3
[1, false, 10, "b", 3, "33", ":", "R", "^"].sort()

Yields the following sort:

[1, 10, 3, "33", ":", "R", "^", "b", false]

Can anyone explain how the sort method works? I'm guessing that it must be translating everything into ASCII.

The plot thickens when I do this

[1, false, 10, "b", 3, "33", ":", "R", "^"].sort(function(a,b) {return b-a})

Outputs the following:

[10, 1, false, "b", "33", 3, ":", "R", "^"]

Any method to this madness?

4
  • The default sort order is according to string Unicode code points.

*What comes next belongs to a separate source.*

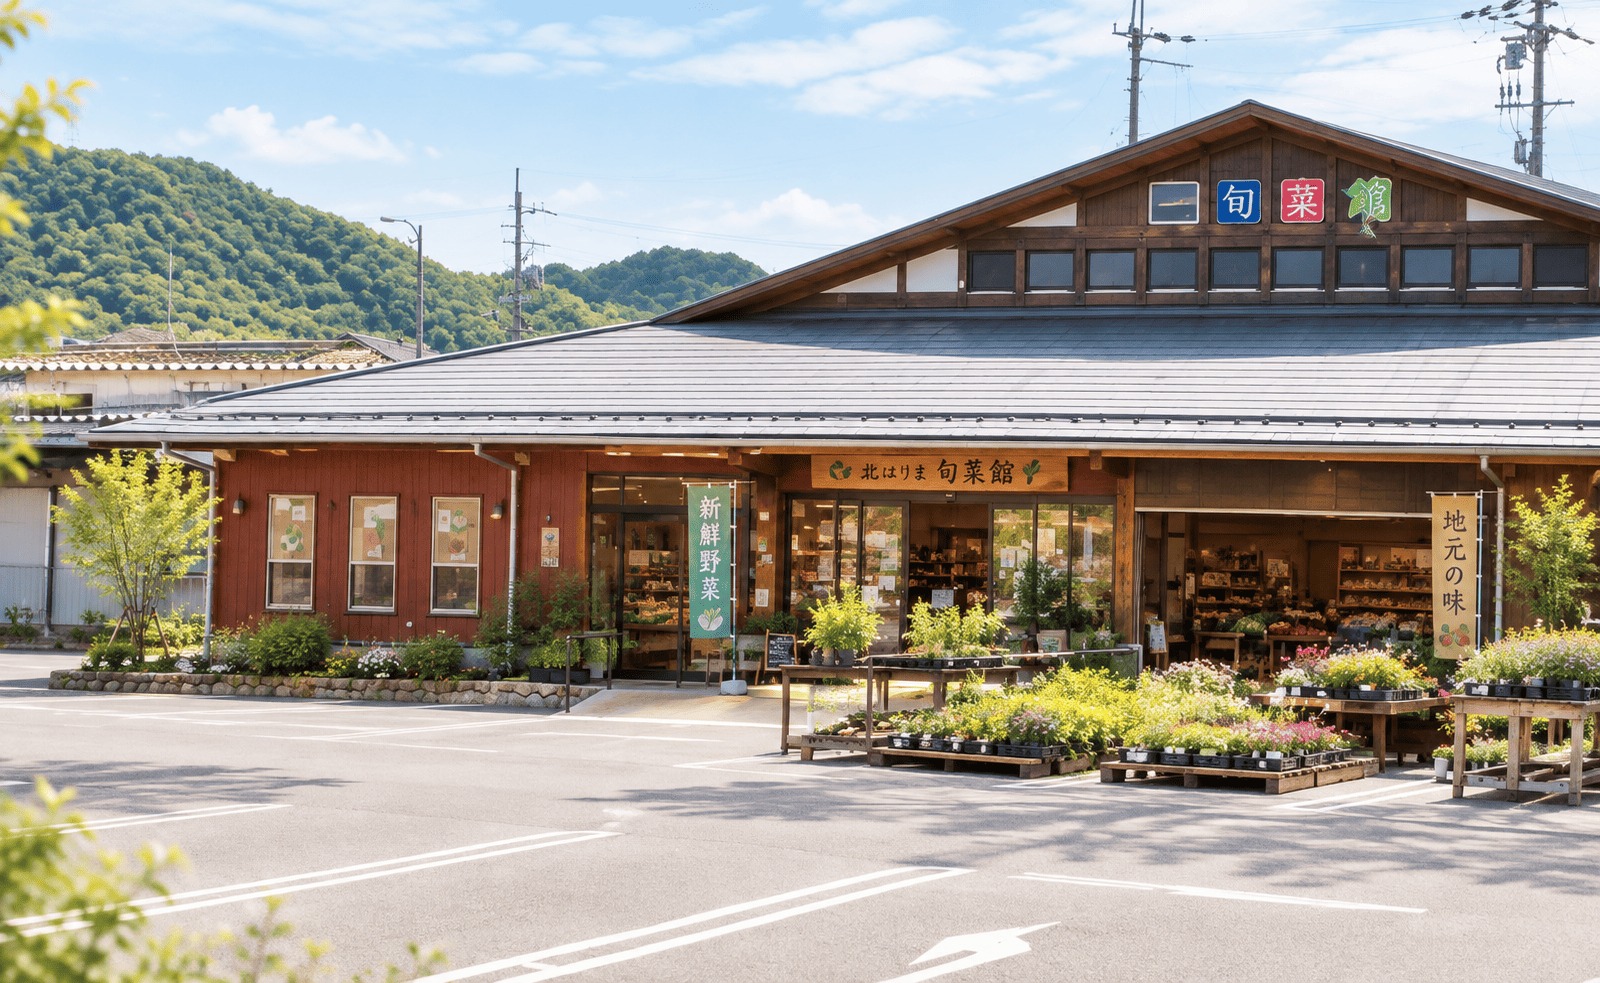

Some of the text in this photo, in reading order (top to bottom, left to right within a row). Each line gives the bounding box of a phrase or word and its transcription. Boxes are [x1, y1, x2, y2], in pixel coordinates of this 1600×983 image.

[861, 458, 1015, 485] 北はりま 旬菜館
[699, 496, 721, 601] 新鮮野菜
[1442, 509, 1468, 616] 地元の味
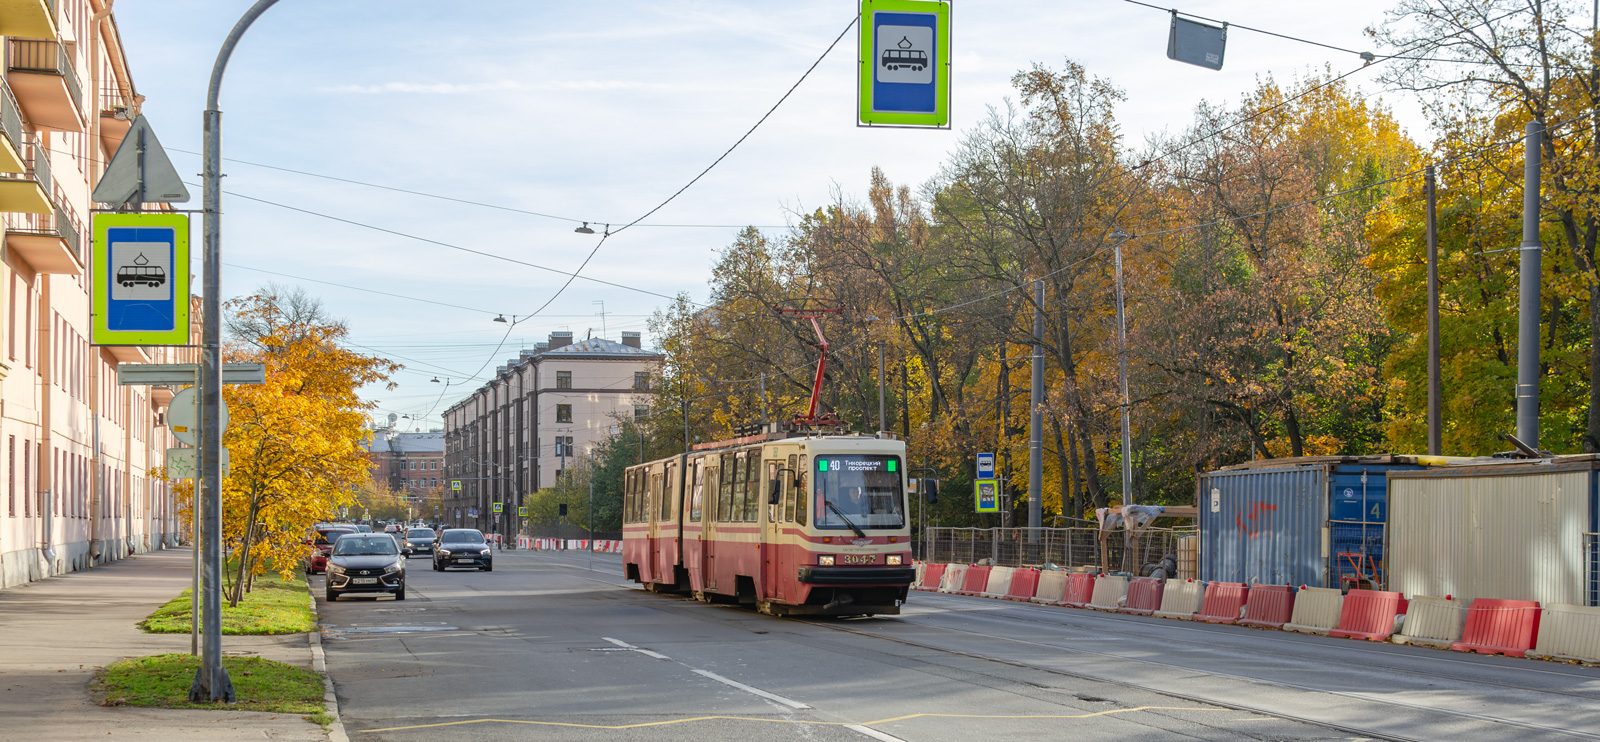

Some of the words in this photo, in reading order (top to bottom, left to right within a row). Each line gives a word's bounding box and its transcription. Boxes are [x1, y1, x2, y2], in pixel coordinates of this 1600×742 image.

Commented Dec 9, 2015 at 17:19
  • developer.mozilla.org/en-US/docs/Web/JavaScript/Reference/… Commented Dec 9, 2015 at 17:20
  • 2
    Why can't you add some info on why you think it looks like madness e.g. show that it's not what you'd have thought it was Commented Dec 9, 2015 at 17:20
  • Totally. String unicode makes sense, but I thought that the native .sort and the sort(fn (a,b,) {return b-a}) would return the same order. Instead, the order is not even flipped in the second example. It is rearranged with regards to 10,1, and false. Commented Dec 9, 2015 at 21:48

1 Answer 1

6

From MDN:

If compareFunction is not supplied, elements are sorted by converting them to strings and comparing strings in Unicode code point order.

And:

If compareFunction is supplied, the array elements are sorted according to the return value of the compare function.